Government exists to protect our natural, God-given rights. Unfortunately, our federal government is too large and too burdensome, and as government expands, our freedoms contract. —Dr. Milton Wolf, tea party candidate for the Senate in Kansas
Many political ideas are advanced without justification, as if they were self-evident truths. Many of them won’t hold water. I’m from Missouri on these three ideas:
- Small Government
- Legislative Predominance
- State’s Rights
Dr. Wolf’s statement above is vague–government exists for many reasons, “natural, God-given rights” are undefined, there is no justification for “too large,” nor for the idea that big government limits freedom. The idea that small government is good is not Dr. Wolf’s alone; promoted by the Koch’s, it is echoed by conservative politicians and pundits again and again.
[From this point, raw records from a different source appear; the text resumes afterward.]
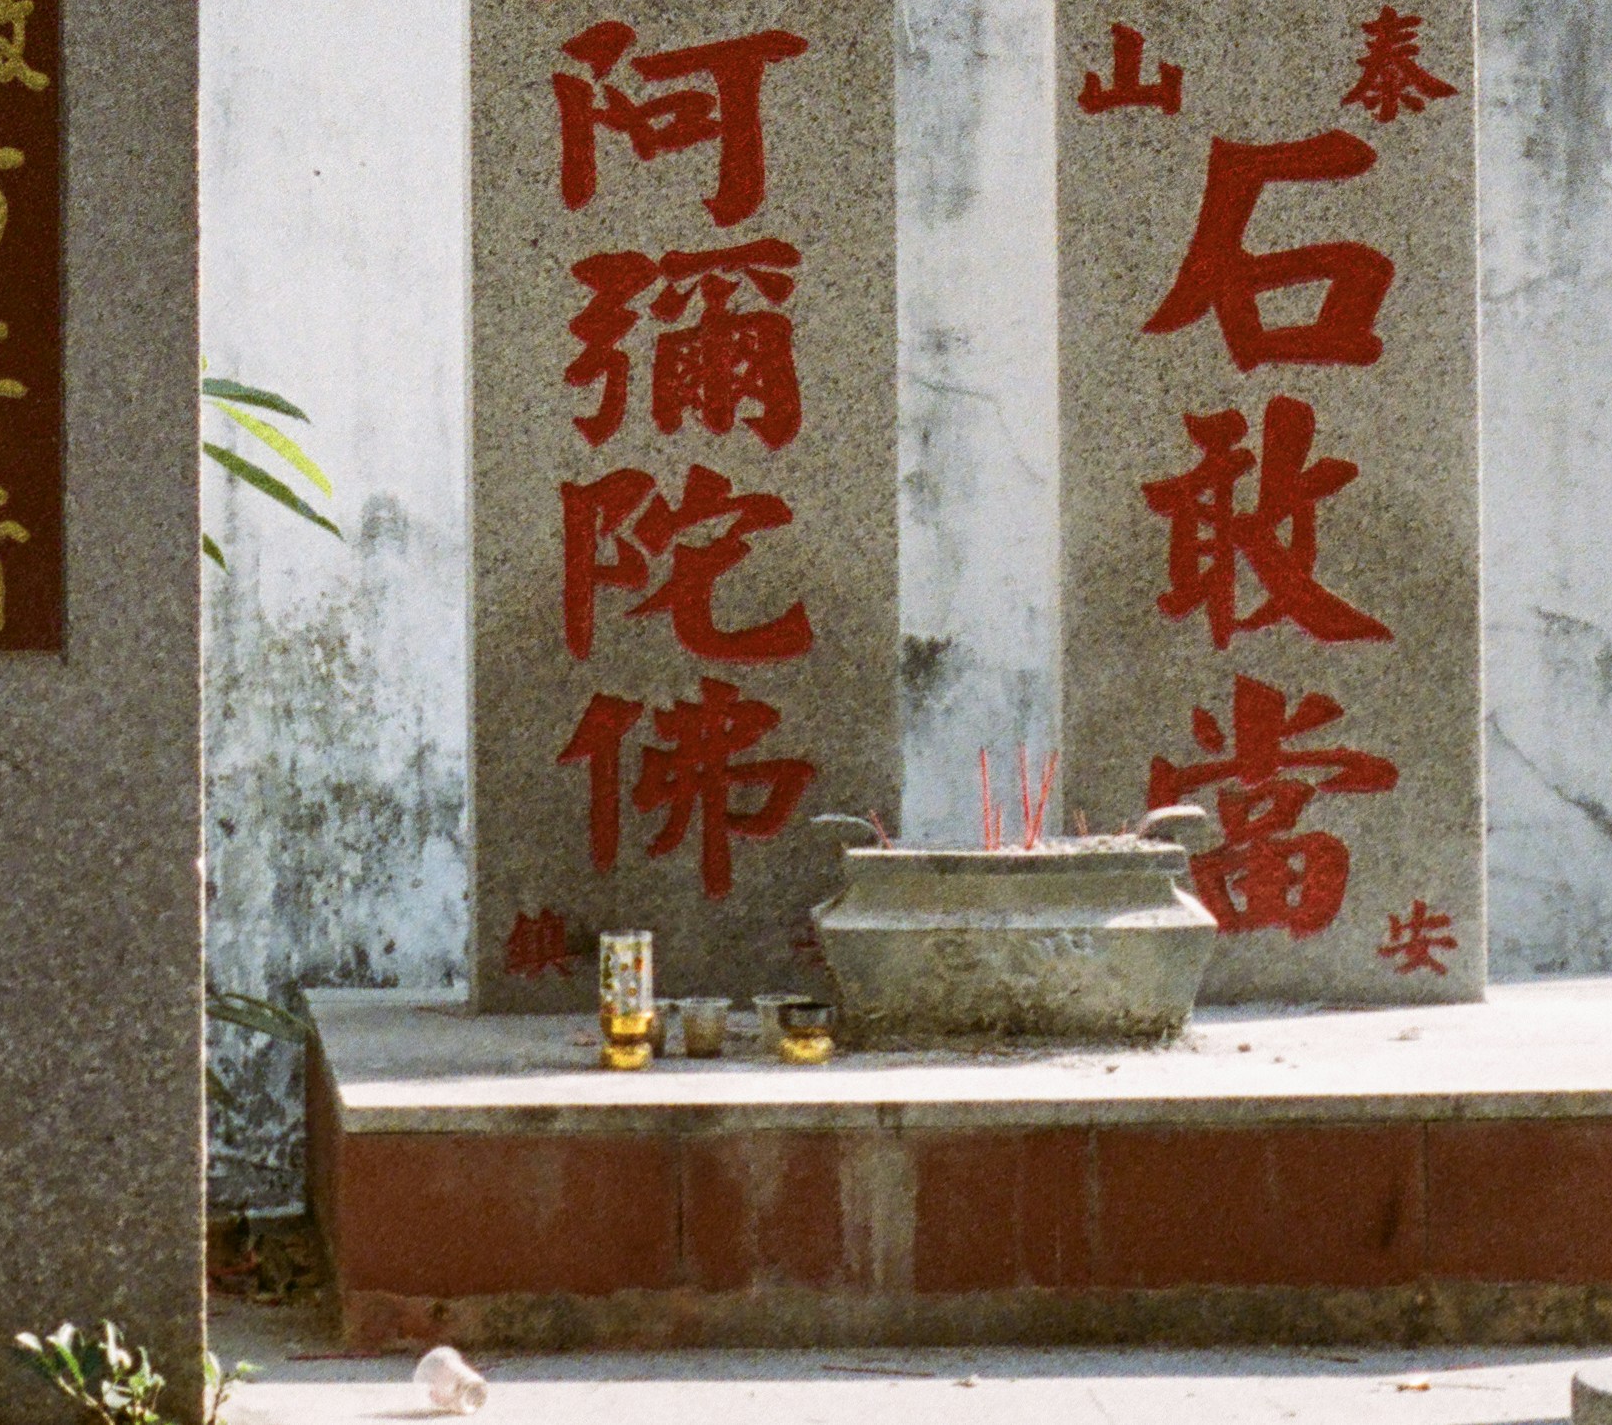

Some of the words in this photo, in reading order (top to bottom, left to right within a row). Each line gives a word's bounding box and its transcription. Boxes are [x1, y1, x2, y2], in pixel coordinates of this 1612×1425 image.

[1077, 22, 1185, 116] 山
[1339, 4, 1460, 123] 泰
[550, 19, 816, 901] 阿彌陀佛
[1139, 127, 1400, 941] 石敢當
[1377, 898, 1459, 977] 安
The libertarian core belief, that the economy regulates itself in the public interest without government intervention, is surely wrong–laissez-faire leads inevitably to obscene wealth for a few and crushing poverty for the rest. We are currently inundated with political propaganda suggesting that small, limited government is desirable, an idea that serves the parochial self-interest of those promoting it. Small, weak government serves the interests of those hoping to escape regulation or wishing to avoid the responsibility of citizenship. I won’t buy the idea that a small, weak Federal Government serves the public interest.
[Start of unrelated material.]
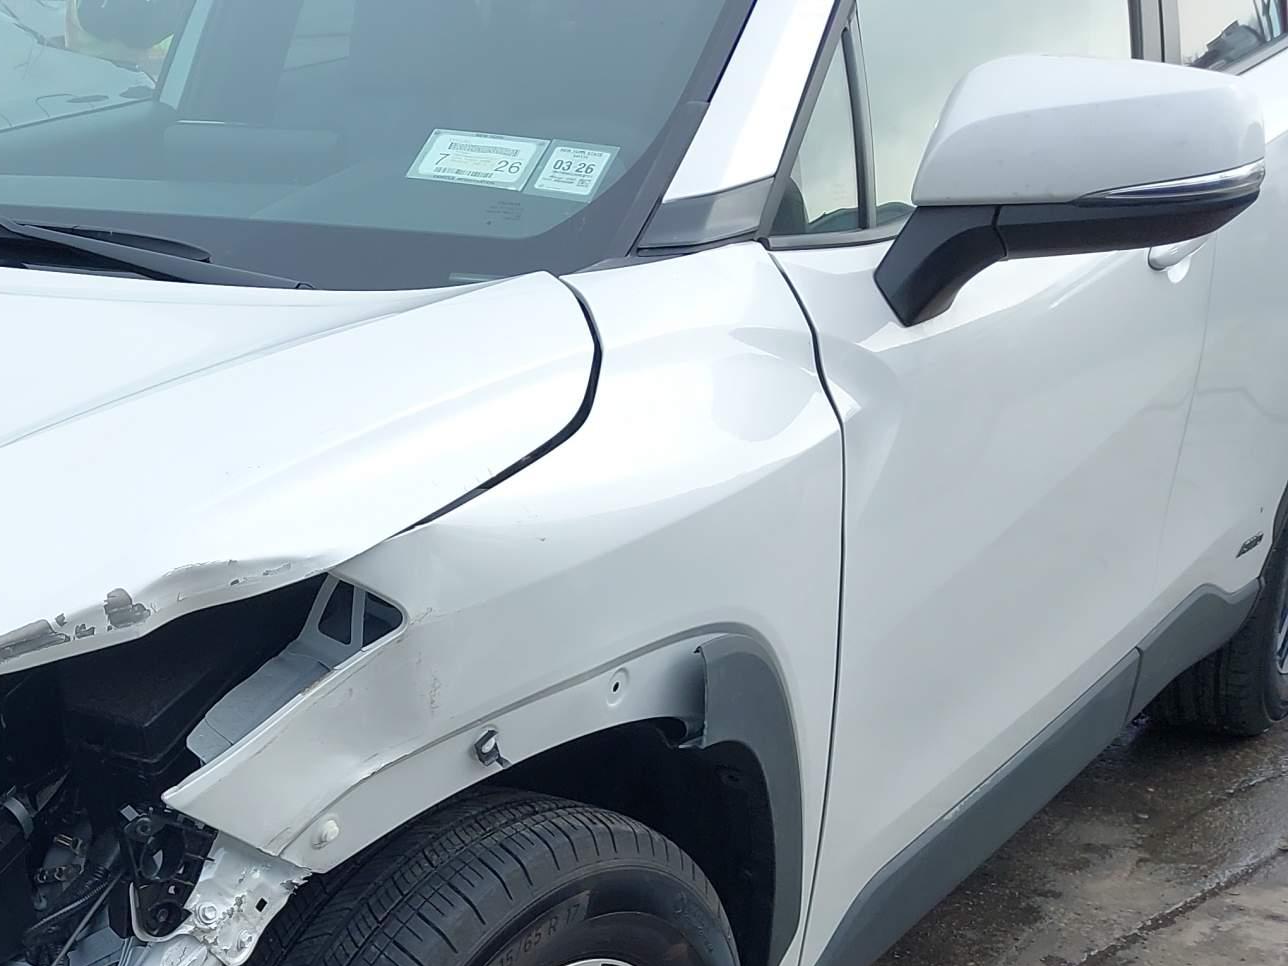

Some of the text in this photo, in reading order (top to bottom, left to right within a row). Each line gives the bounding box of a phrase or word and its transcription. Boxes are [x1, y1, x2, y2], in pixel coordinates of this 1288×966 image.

[494, 159, 522, 174] 26
[552, 159, 596, 174] 03 26
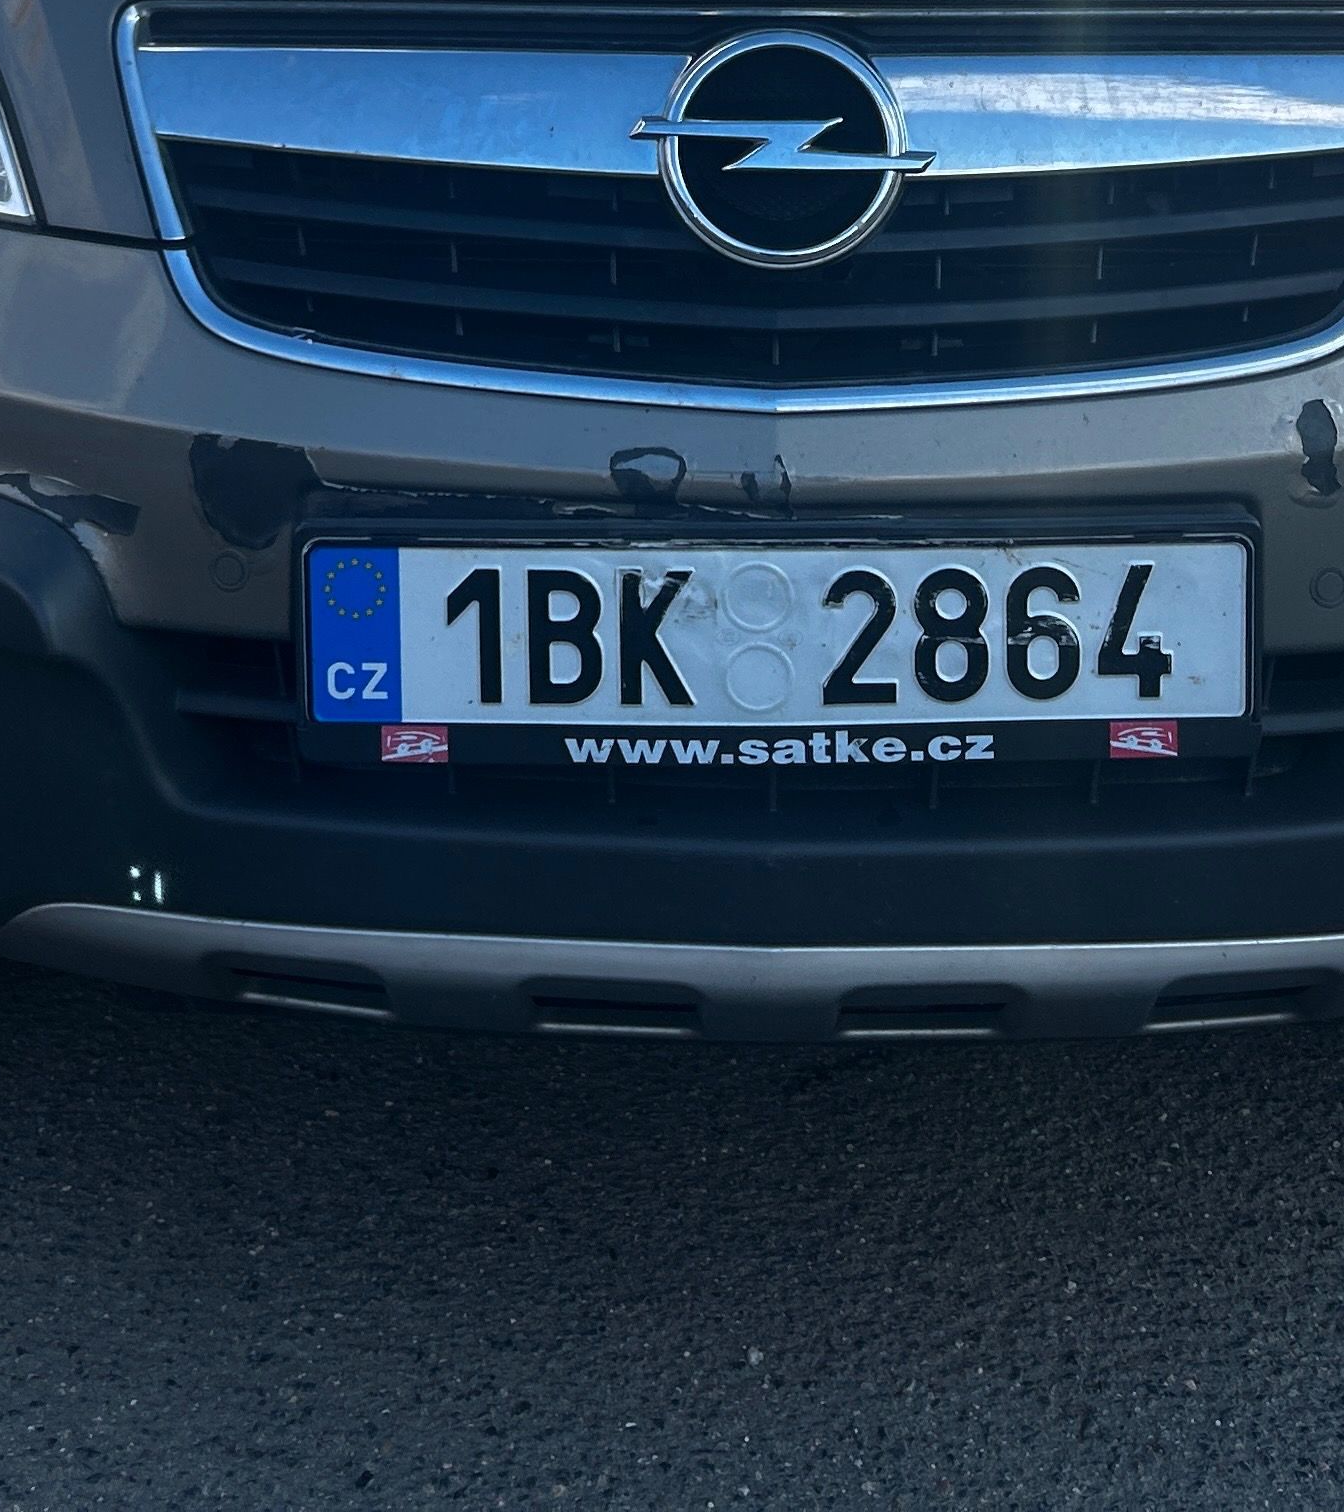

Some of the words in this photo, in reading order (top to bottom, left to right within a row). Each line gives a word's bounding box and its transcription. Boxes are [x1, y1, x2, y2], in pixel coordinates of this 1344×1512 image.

This is the idea that the legislature ought to play a predominant role in government. The Reins Act, which Tom Reed supports, manifests this idea–congress should review and approve all proposed regulations. The goal of the Reins Act is to rescind as many regulations as possible.
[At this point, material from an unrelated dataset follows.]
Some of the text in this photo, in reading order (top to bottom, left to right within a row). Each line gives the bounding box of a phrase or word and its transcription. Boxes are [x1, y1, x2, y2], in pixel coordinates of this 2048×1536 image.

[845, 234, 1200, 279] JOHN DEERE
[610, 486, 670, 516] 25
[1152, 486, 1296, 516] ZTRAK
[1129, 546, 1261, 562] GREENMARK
The “Articles of Confederation assigned executive responsibility to the legislature;” that government worked poorly as one might expect–squabbling legislators with an eye on parochial concerns we unable to agree in the public interest. The authors of the Constitution, well aware of this problem, created an executive branch of government. I won’t buy the idea that a more powerful legislature would serve the public interest.
Legislative predominance is the basis for complaints about executive orders and recess appointments. While conservatives often celebrate the “separation of powers” idea, they seldom recognize that the Constitution gives the President powers to balance the legislature and the courts.
The idea of state’s rights is reflected in the Tenth Amendment. It rose from colonial America’s fear of central government and concern for regional differences one such being slavery. Today we see it in complaints about marriage equality, common core educational standards and environmental regulations. Jeffrey Toobin, writing about Ted Cruz in the June 30 issue of the New Yorker, explains:
… ideological battles over the Constitution have often come down to the originalists, closely aligned with the textualists, against those who believe that the Constitution also protects some nontextual, or unenumerated, rights. The right to privacy is the paradigmatic unenumerated right, one that is not mentioned in the text of the Constitution but has been recognized by judges to include, for example, a woman’s right to abortion.
Those who don’t approve of a federal law or regulation find it easy to call for states’ rights. As there is no reason to see state government as wiser, more economical, or more democratic than the national government, the concept of states rights is obsolete. I won’t buy the idea that states’ rights ought to stand in the way of needed national laws, policies, and regulations.